As I have indicated repeatedly, banks can provide consumers their most
effective defense against phishing and other forms of internet fraud. The
WHOIS data is a necessary tool in order to shut down such activity. I confess
that the current draft WHOIS OPoC proposal gives insufficient comfort that this
tool will be as readily available were it to be ultimately adopted by the Task
Force, the GNSO Council, and the ICANN Board. In fact, we believe our proposal
to give banks access via governmental bank regulators through the carefully
constructed mechanism we proposed would protect consumers far better.
However, in terms of the current draft, we believe that Steve's points are
essential.
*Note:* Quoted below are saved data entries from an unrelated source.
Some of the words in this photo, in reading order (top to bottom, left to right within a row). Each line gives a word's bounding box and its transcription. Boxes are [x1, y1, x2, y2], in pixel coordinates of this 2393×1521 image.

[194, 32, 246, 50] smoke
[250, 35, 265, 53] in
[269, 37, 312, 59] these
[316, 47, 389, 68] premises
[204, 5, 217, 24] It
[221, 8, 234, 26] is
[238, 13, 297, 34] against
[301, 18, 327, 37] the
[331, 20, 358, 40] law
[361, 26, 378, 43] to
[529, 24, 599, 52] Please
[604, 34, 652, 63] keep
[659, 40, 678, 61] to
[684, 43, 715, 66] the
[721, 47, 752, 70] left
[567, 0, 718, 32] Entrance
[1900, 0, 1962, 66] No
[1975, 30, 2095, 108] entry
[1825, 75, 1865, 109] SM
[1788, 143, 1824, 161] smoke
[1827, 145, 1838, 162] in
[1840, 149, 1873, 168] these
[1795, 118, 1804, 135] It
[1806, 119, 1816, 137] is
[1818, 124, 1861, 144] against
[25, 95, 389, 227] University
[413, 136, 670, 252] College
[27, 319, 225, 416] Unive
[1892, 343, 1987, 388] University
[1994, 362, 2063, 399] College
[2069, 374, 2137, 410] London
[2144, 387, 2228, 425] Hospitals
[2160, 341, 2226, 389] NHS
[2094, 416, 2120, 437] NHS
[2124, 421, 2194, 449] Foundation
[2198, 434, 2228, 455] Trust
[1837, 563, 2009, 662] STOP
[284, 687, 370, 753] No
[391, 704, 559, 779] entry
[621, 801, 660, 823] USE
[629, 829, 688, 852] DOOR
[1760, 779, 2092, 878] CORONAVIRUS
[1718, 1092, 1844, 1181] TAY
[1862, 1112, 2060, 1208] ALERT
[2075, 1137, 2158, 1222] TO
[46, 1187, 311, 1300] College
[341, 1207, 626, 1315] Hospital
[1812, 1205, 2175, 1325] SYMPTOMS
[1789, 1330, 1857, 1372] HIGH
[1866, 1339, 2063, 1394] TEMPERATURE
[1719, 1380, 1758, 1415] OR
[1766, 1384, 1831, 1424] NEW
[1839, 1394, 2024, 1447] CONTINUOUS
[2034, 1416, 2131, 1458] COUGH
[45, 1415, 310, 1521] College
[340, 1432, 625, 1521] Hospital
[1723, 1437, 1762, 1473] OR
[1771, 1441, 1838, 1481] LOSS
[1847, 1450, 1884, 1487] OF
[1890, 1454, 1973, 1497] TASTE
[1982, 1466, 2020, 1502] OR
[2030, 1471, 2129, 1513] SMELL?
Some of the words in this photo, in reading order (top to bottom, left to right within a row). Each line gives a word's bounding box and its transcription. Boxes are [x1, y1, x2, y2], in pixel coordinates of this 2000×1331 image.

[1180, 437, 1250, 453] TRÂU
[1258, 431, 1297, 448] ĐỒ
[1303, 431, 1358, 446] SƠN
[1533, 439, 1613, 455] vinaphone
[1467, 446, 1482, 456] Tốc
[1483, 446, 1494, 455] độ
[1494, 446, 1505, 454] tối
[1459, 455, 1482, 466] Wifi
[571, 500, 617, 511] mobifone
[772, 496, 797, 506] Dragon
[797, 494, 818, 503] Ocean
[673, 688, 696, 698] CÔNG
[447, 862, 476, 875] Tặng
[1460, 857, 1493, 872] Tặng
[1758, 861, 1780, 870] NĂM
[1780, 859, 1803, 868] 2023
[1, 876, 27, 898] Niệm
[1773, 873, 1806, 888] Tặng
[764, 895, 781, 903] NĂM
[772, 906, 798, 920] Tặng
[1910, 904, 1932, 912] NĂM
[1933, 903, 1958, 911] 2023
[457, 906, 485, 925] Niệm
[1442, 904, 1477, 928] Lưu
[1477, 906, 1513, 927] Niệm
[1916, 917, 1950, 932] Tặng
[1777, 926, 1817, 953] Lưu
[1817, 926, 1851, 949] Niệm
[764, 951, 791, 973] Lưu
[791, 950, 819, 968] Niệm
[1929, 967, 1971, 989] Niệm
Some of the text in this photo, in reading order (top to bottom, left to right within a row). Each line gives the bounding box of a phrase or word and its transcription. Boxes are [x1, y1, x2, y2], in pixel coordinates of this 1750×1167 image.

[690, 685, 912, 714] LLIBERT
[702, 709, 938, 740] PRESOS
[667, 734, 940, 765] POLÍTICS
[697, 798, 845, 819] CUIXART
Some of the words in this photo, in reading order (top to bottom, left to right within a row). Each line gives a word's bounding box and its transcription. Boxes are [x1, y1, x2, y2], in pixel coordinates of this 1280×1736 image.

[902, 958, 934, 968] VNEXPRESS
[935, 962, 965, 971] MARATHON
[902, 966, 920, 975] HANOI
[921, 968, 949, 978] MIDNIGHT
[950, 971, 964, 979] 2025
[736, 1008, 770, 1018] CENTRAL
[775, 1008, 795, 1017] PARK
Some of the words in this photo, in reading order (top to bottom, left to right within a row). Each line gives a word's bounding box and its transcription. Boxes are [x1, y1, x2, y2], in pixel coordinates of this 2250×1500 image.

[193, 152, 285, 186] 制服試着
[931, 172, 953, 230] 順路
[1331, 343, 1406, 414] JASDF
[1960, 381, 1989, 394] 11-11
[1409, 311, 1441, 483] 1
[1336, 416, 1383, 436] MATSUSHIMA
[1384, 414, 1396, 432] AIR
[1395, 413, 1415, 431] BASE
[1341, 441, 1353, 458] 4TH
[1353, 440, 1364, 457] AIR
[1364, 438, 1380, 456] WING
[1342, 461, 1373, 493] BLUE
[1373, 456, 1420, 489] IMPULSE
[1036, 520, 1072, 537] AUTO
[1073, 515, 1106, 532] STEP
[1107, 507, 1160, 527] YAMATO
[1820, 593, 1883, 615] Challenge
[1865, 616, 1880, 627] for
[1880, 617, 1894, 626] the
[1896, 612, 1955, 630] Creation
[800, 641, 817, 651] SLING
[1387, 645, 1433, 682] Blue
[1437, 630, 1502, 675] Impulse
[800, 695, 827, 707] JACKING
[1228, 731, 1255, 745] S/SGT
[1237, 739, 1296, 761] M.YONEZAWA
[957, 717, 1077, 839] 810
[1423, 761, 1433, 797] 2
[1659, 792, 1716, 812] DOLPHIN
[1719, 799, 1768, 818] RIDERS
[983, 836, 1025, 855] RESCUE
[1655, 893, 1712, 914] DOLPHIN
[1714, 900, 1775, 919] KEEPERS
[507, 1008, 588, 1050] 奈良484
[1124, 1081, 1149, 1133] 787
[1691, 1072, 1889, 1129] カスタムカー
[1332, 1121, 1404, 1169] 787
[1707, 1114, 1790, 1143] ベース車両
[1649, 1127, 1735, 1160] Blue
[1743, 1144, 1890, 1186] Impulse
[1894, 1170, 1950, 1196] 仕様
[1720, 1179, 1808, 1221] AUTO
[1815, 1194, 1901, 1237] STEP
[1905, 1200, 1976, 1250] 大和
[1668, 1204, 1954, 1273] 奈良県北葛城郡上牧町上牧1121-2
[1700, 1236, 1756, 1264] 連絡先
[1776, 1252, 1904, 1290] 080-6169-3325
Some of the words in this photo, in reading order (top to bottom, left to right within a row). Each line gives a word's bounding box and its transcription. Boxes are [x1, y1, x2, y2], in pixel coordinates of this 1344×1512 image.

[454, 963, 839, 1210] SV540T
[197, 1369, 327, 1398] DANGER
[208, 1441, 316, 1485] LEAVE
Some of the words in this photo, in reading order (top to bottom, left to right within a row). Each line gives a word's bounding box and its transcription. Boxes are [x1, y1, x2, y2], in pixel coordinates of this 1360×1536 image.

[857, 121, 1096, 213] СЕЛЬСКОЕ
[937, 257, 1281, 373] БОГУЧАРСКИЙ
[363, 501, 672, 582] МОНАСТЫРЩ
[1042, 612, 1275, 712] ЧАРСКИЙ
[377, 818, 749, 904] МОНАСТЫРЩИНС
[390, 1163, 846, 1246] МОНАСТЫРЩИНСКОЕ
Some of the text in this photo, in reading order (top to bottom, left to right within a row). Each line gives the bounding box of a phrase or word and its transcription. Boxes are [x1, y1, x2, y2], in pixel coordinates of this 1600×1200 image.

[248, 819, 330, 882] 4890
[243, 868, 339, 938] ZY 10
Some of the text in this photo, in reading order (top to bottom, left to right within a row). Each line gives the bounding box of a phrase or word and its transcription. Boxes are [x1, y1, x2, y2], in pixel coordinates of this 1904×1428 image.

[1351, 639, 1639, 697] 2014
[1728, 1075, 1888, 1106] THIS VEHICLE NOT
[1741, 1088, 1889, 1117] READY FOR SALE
To weaken them would take a flawed mechanism and make it totally
unworkablke from the standpoint of fighting fraud on the consumer.
The REVEAL function is crucial in this regard. It is also absolutely necessary
that the OPoC acknowledge and consent to its role. Without this, the proposal
would truly be gutted.
Also, Steve's poiint comncerning the registrar's obligation to REVEAL if the
OPoC fails to do so is extremely important.
Finally, I would note that Steve, I am sure, unintentionally characterized our
bank proposal as "self-authenticating." Actually, under our bank proposal,
governmental bank regulators would authenticate banks entitled to access AND
all access would be through the bank regulators with an audit trail to confirm
proper usage. No self-authenticating would be permitted. As I state above, we
still believe this is the preferable approach for banks, and it addresses the
various concerns expressed in our Subgroup B discussions.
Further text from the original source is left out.